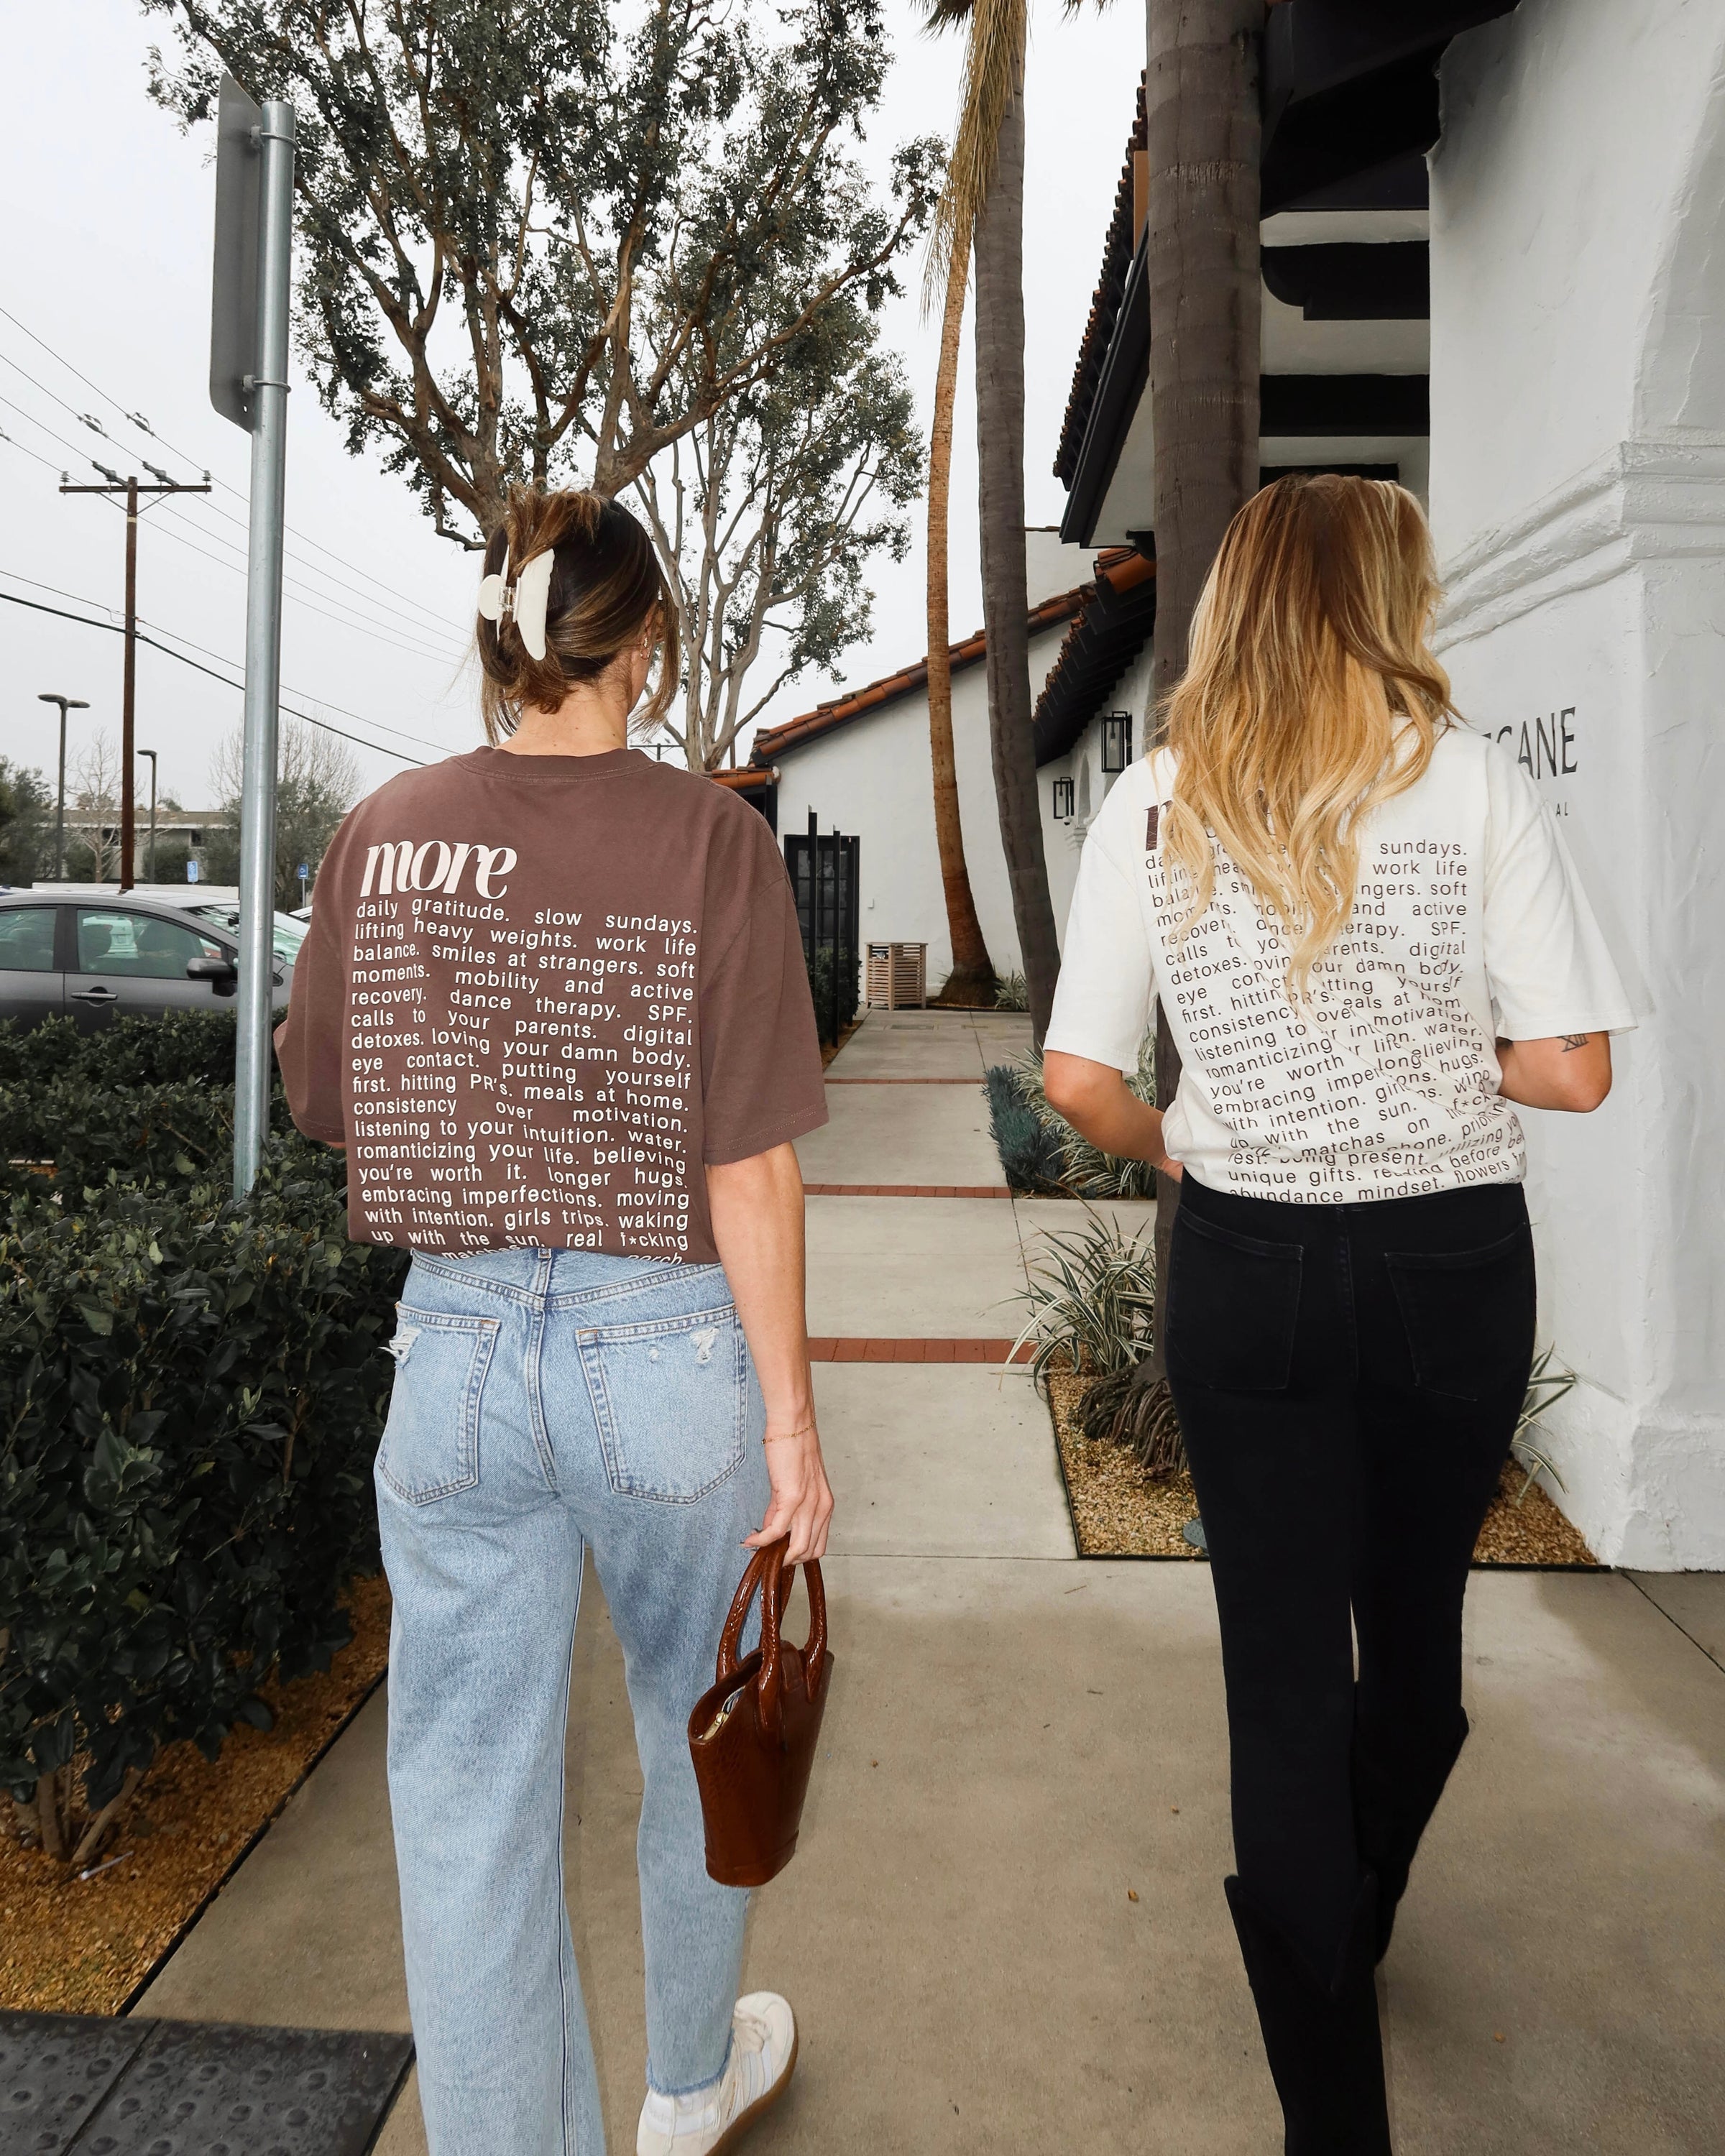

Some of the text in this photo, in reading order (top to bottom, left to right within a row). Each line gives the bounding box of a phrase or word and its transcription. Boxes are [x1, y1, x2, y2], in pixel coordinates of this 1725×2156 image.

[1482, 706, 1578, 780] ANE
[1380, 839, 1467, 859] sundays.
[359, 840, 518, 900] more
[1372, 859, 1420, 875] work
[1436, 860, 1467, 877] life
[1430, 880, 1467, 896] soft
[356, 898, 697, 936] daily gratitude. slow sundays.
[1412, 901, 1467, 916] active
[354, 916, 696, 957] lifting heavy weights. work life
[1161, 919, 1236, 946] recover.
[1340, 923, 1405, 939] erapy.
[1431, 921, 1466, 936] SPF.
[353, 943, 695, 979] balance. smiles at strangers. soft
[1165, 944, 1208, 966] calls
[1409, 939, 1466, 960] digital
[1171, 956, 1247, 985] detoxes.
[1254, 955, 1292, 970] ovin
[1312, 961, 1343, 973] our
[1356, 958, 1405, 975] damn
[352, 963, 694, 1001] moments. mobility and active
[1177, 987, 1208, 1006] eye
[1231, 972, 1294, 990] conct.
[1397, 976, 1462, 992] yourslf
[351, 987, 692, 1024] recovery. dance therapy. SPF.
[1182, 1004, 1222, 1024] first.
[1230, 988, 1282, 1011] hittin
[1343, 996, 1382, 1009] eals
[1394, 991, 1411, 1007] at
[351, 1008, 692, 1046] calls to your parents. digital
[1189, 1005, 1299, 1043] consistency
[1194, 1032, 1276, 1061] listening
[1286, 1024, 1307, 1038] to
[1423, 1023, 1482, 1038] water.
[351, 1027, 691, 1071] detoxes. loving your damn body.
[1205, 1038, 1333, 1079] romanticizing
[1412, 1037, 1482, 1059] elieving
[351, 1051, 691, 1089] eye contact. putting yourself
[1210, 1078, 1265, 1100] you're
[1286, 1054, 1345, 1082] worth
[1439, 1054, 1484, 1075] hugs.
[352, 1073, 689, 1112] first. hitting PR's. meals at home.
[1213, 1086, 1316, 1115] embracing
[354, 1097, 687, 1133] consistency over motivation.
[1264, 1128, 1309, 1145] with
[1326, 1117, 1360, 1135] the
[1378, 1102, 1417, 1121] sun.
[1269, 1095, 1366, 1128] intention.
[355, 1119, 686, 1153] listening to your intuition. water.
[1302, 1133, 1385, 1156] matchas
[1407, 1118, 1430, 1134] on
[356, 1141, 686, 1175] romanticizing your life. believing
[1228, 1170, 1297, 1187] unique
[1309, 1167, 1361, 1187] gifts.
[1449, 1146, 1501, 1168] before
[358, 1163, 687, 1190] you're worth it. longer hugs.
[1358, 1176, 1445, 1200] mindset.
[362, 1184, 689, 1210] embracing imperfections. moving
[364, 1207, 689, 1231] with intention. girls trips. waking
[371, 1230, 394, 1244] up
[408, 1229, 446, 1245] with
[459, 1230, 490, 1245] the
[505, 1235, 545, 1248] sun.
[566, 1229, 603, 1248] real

########################################

» TASK GOAL
Where pictures sit among the data above, omit them, and output the rest exactly.

» YOUR SOLUTION
Some of the text in this photo, in reading order (top to bottom, left to right within a row). Each line gives the bounding box of a phrase or word and its transcription. Boxes are [x1, y1, x2, y2], in pixel coordinates of this 1725×2156 image.

[1482, 706, 1578, 780] ANE
[1380, 839, 1467, 859] sundays.
[359, 840, 518, 900] more
[1372, 859, 1420, 875] work
[1436, 860, 1467, 877] life
[1430, 880, 1467, 896] soft
[356, 898, 697, 936] daily gratitude. slow sundays.
[1412, 901, 1467, 916] active
[354, 916, 696, 957] lifting heavy weights. work life
[1161, 919, 1236, 946] recover.
[1340, 923, 1405, 939] erapy.
[1431, 921, 1466, 936] SPF.
[353, 943, 695, 979] balance. smiles at strangers. soft
[1165, 944, 1208, 966] calls
[1409, 939, 1466, 960] digital
[1171, 956, 1247, 985] detoxes.
[1254, 955, 1292, 970] ovin
[1312, 961, 1343, 973] our
[1356, 958, 1405, 975] damn
[352, 963, 694, 1001] moments. mobility and active
[1177, 987, 1208, 1006] eye
[1231, 972, 1294, 990] conct.
[1397, 976, 1462, 992] yourslf
[351, 987, 692, 1024] recovery. dance therapy. SPF.
[1182, 1004, 1222, 1024] first.
[1230, 988, 1282, 1011] hittin
[1343, 996, 1382, 1009] eals
[1394, 991, 1411, 1007] at
[351, 1008, 692, 1046] calls to your parents. digital
[1189, 1005, 1299, 1043] consistency
[1194, 1032, 1276, 1061] listening
[1286, 1024, 1307, 1038] to
[1423, 1023, 1482, 1038] water.
[351, 1027, 691, 1071] detoxes. loving your damn body.
[1205, 1038, 1333, 1079] romanticizing
[1412, 1037, 1482, 1059] elieving
[351, 1051, 691, 1089] eye contact. putting yourself
[1210, 1078, 1265, 1100] you're
[1286, 1054, 1345, 1082] worth
[1439, 1054, 1484, 1075] hugs.
[352, 1073, 689, 1112] first. hitting PR's. meals at home.
[1213, 1086, 1316, 1115] embracing
[354, 1097, 687, 1133] consistency over motivation.
[1264, 1128, 1309, 1145] with
[1326, 1117, 1360, 1135] the
[1378, 1102, 1417, 1121] sun.
[1269, 1095, 1366, 1128] intention.
[355, 1119, 686, 1153] listening to your intuition. water.
[1302, 1133, 1385, 1156] matchas
[1407, 1118, 1430, 1134] on
[356, 1141, 686, 1175] romanticizing your life. believing
[1228, 1170, 1297, 1187] unique
[1309, 1167, 1361, 1187] gifts.
[1449, 1146, 1501, 1168] before
[358, 1163, 687, 1190] you're worth it. longer hugs.
[1358, 1176, 1445, 1200] mindset.
[362, 1184, 689, 1210] embracing imperfections. moving
[364, 1207, 689, 1231] with intention. girls trips. waking
[371, 1230, 394, 1244] up
[408, 1229, 446, 1245] with
[459, 1230, 490, 1245] the
[505, 1235, 545, 1248] sun.
[566, 1229, 603, 1248] real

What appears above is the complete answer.